For many of us in marginalized or in underrepresented communities, microaggressions are the evolved and more subversive form of overt racism and gender and sexual orientation discrimination of the past. Women and people of color were once excluded from senior-level, decision-making meetings; we are now invited but asked to order the food or prepare the coffee. When once we were excluded from having a seat at the table, we are now invited to sit down…and take notes. 

But now, in the midst of a pandemic, in the world of virtual meetings–the “new normal”–it seems that microaggressions have once again evolved. The tactics may have changed, but the sentiments remain the same. In a recent virtual staff meeting with senior leaders, we each provided a report on our respective areas. The meeting was as productive as it could be in a virtual format. Engaging questions, intentional eye contact with the camera, active listening–similar to what you would expect for an in-person, pre-pandemic meeting. But to my surprise, when the only woman of color began her report, cameras suddenly turned off. For those still on camera, they were now muted and appeared to be having conversations with others off screen. Those still on camera and not on mute appeared to be typing while the chimes of messengering systems could be heard in the background. Those still on camera and mute were laughing non-humorous portions of the report. All of these acts clearly communicate that she was not being heard and that her voice does not matter. The new form of microaggression.
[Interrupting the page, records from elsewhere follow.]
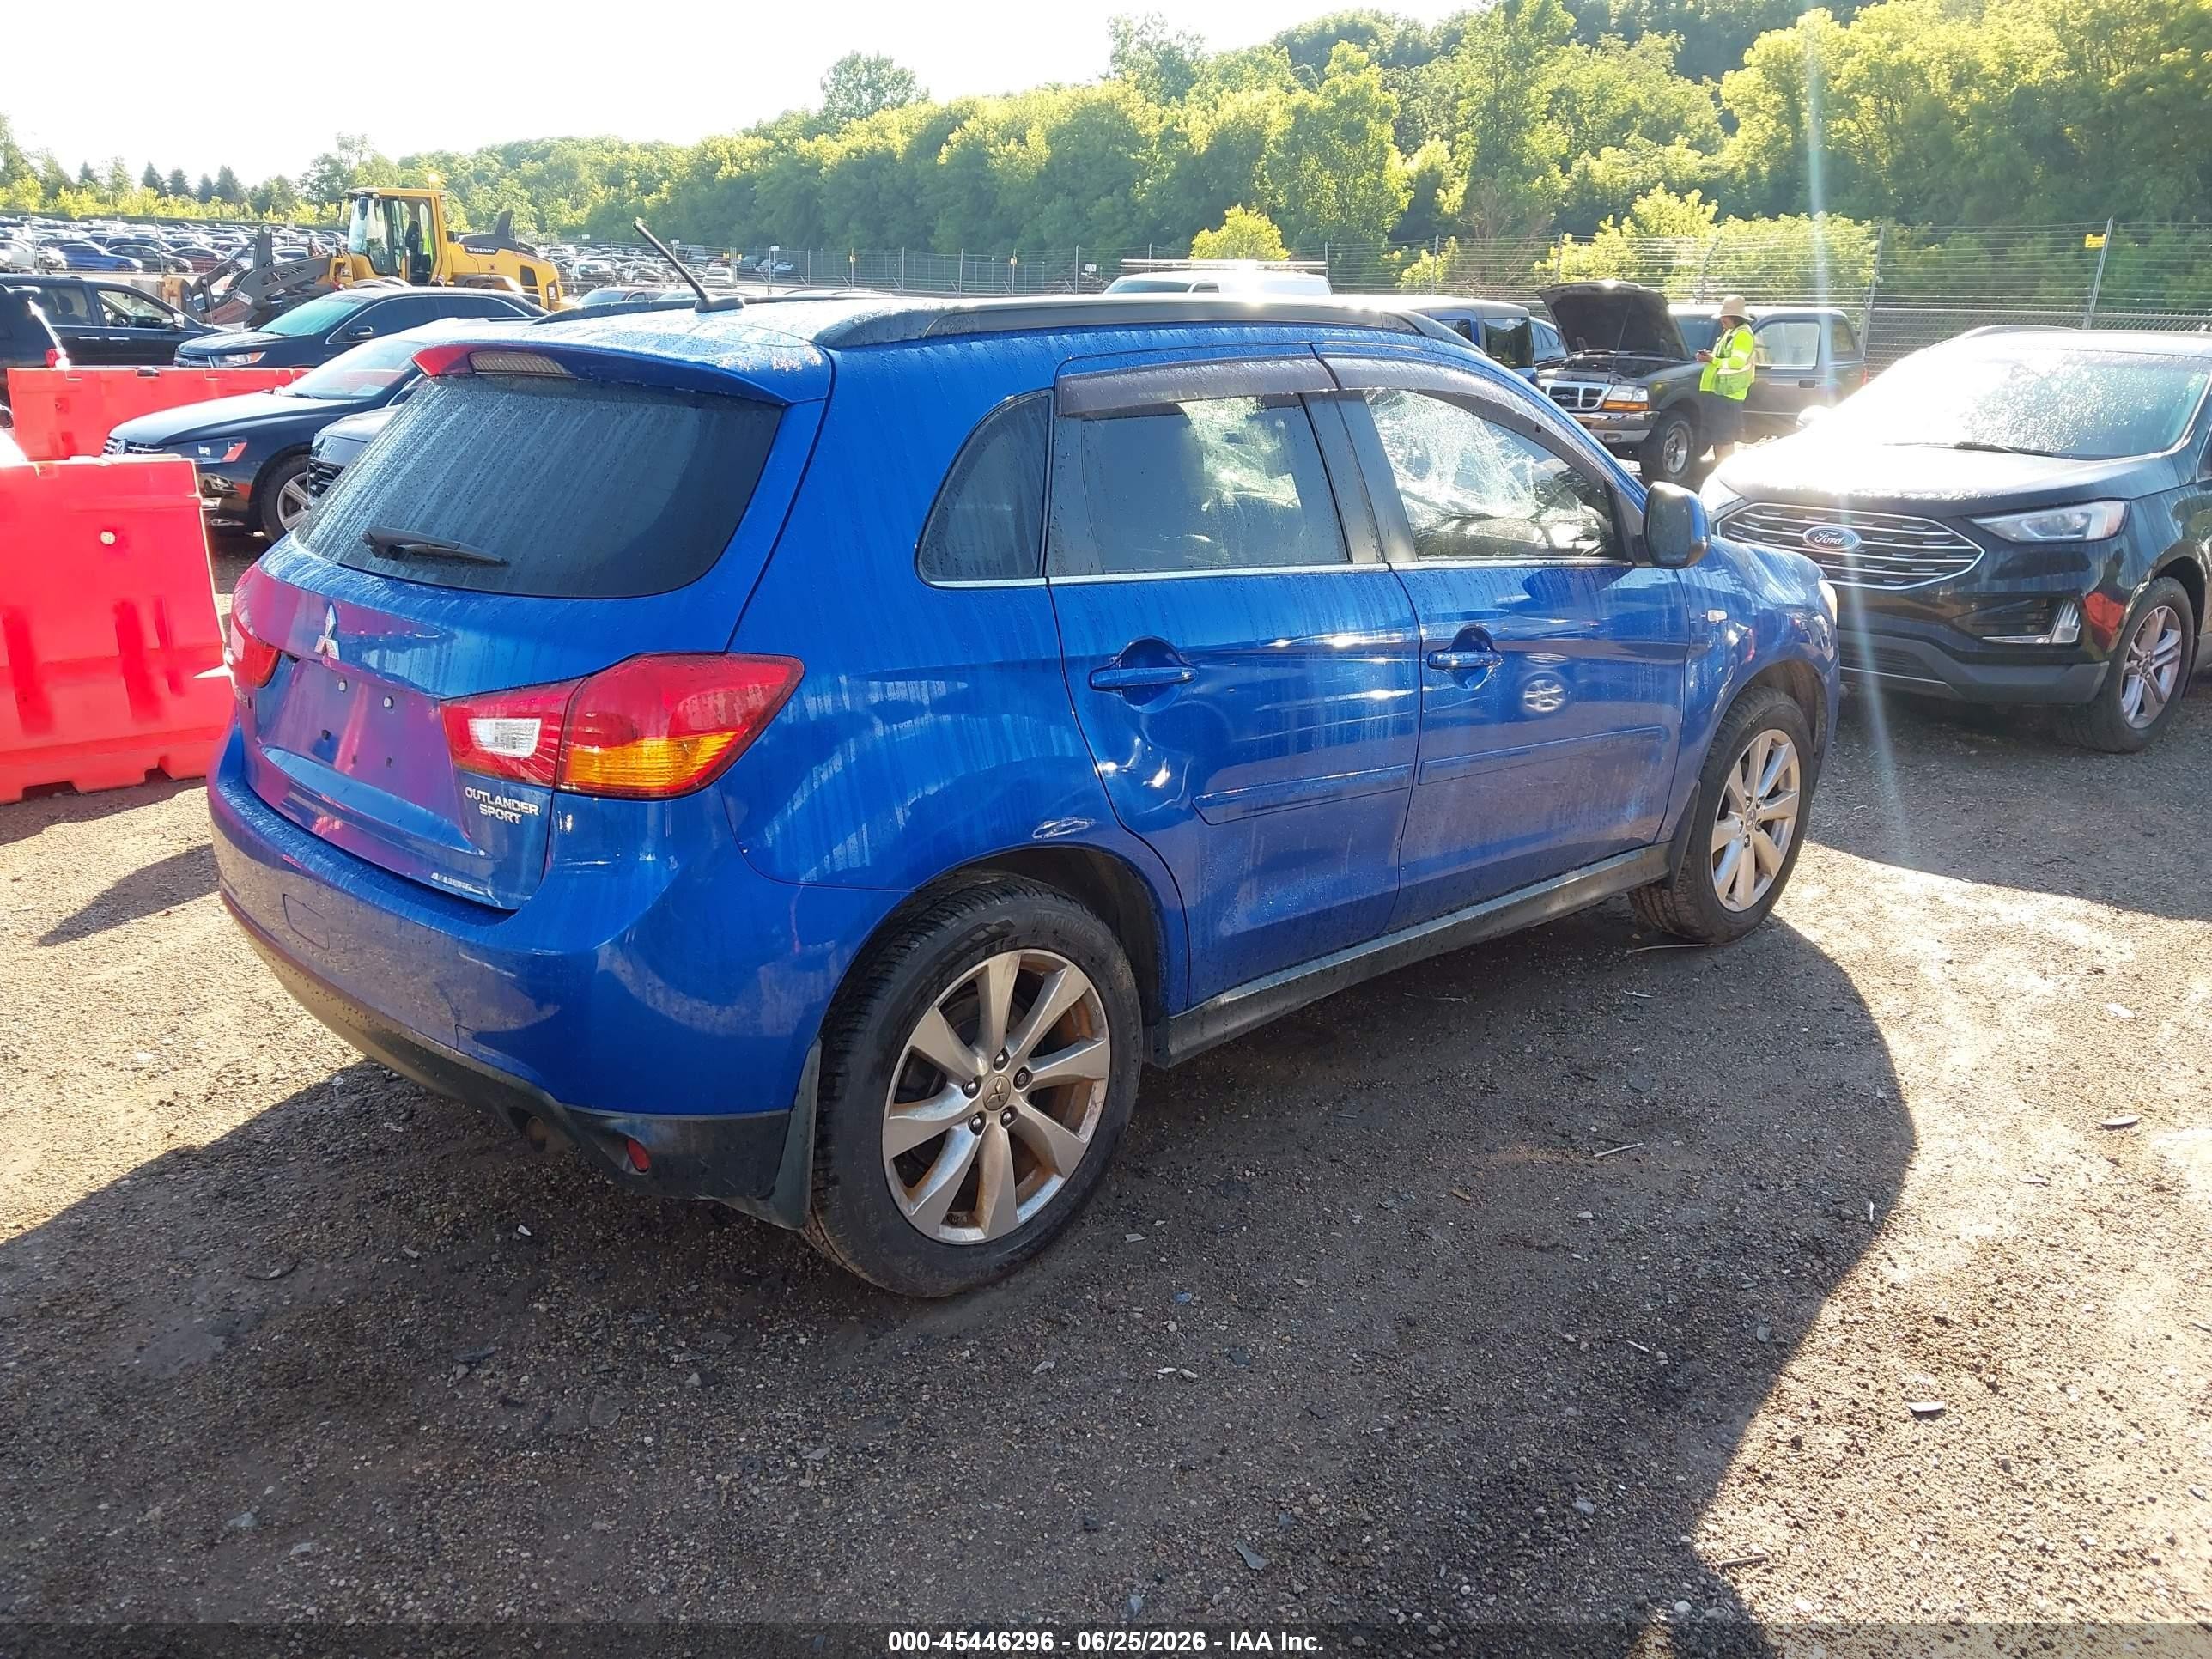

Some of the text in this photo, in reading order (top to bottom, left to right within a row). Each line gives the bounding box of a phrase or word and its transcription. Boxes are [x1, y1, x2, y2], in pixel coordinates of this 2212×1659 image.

[1814, 530, 1844, 545] Ford
[465, 787, 540, 816] OUTLANDER
[479, 804, 522, 824] SPORT
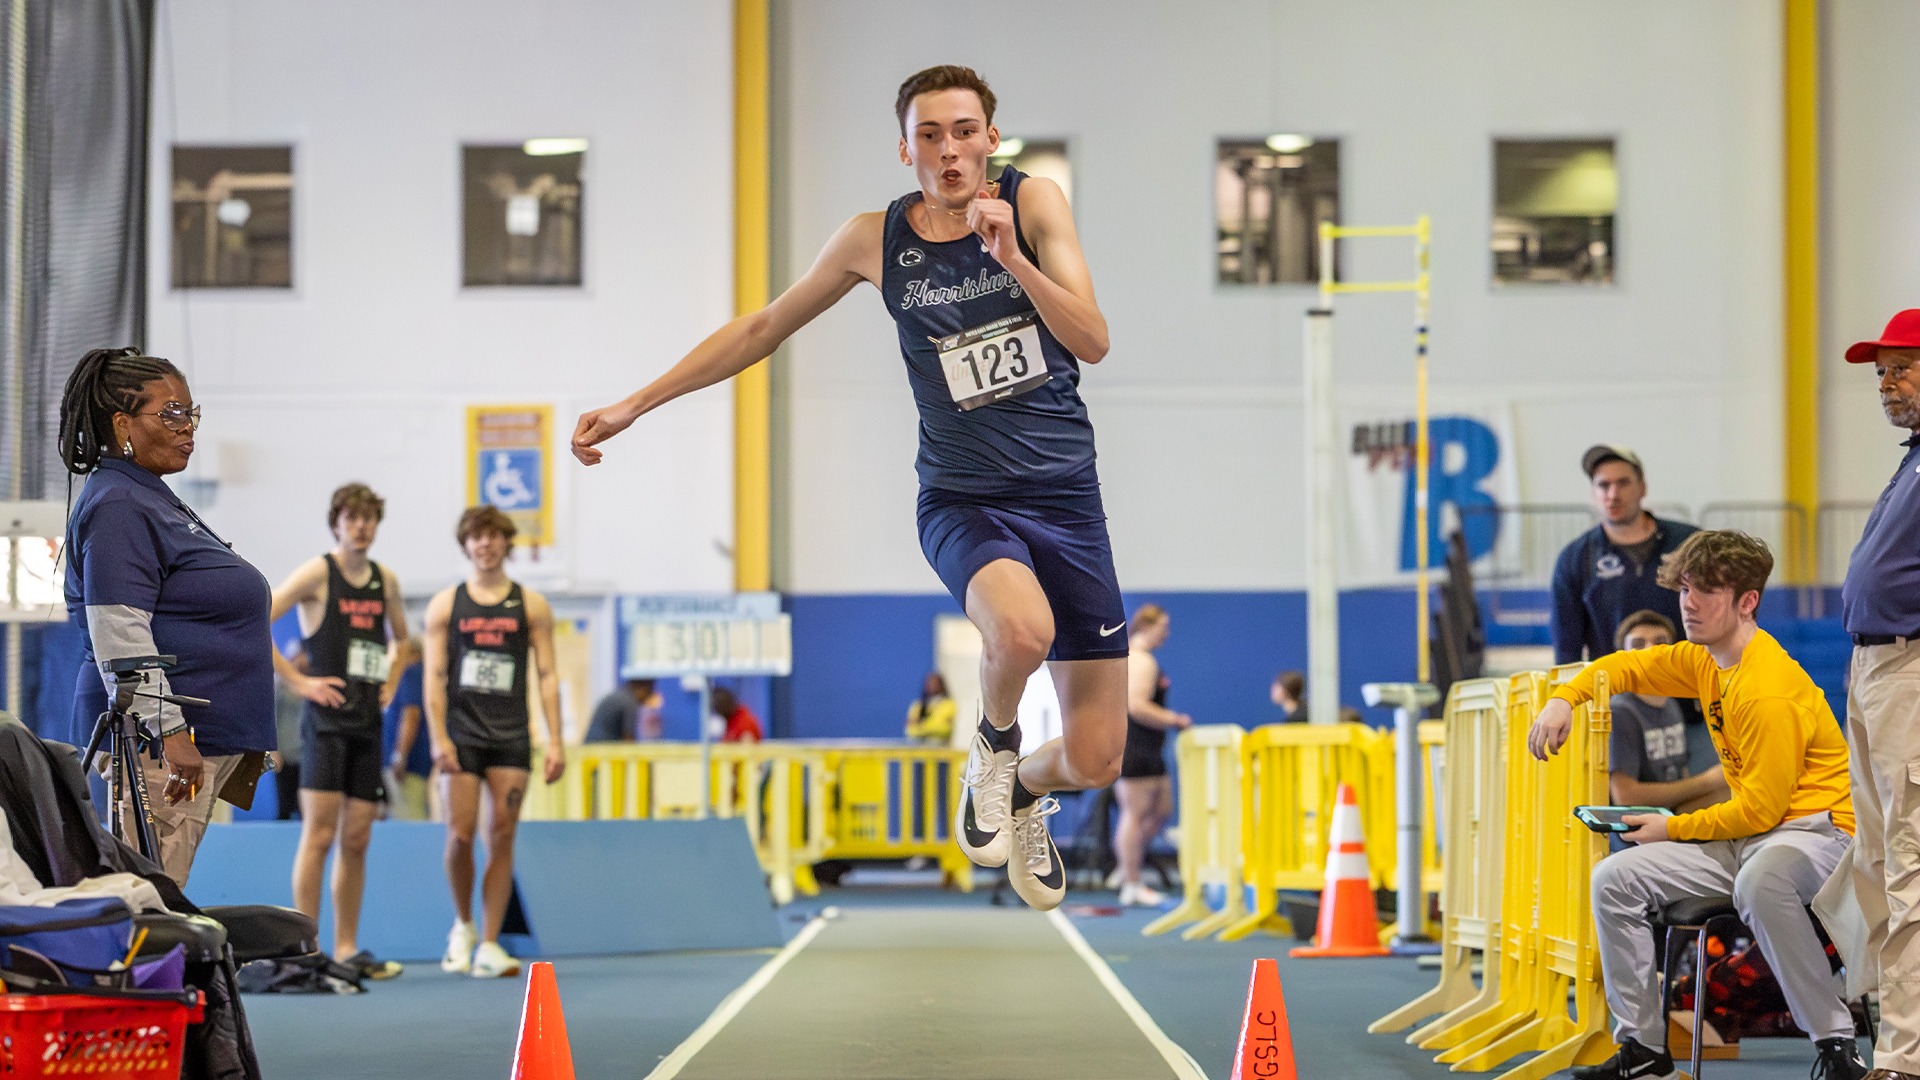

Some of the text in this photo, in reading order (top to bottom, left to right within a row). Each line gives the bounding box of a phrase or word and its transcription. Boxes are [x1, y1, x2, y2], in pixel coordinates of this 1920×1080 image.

[901, 267, 1022, 310] Harrisburg
[961, 336, 1029, 390] 123
[1254, 1011, 1278, 1080] GSLC
Addressing this topic with your colleagues can also be problematic and often leads to even more microaggressions–or worse, aggression. In the previous example, the senior leader, who was a woman of color, demanded to know why everyone seemed so disinterested in her updates. She followed that by briefly describing how the perceived disinterest made her feel. “Don’t be so sensitive…” was the response she received from a C-level executive. That comment left her feeling defeated, deflated, and discouraged. Indeed, many people, when confronted regarding their microaggressions, react defensively and blame the recipient for their own aggression.  “You seem to be easily bothered” is also commonly heard. The fact is that for those in marginalized groups, microaggressions can have a devastatingly cumulative effect on career progression, productivity, and mental health. As Tiffany Alvoid explained during her 2019 TedTalk entitled, Eliminating Microaggressions: The next level of inclusion, “A Microaggression is like a paper cut. One is no big deal–you can manage it. But hundreds of paper cuts, all over your body, is unbearable.” 

While these examples are but a mere drop in the bucket of microaggressions I have experienced in my 20-plus-year professional career, I do offer some advice of a few things those looking to do better by their colleagues can do: 

AcknowledgeBy accepting that what you say, regardless of your intent, can have a detrimental effect on others, you can begin the process of understanding the lived experiences of minorities and marginalized communities.

Listen: Create a safe space, and reach out to minorities and those in marginalized communities to hear their stories. Empathize with the effect that a lifetime of microaggressions can have on someone both personally and professionally.

Learn: Take the initiative to educate yourself.

Act: Be a leader and an ally. Speak up when you witness a microaggression. Act swiftly and decisively when a microaggression is reported. 

Admittedly, these are just a few things you can do, but if you value diversity, equity, inclusion, and belonging in your workplace, microaggressions can make the difference between a productive and thriving environment, and a toxic and demoralizing one.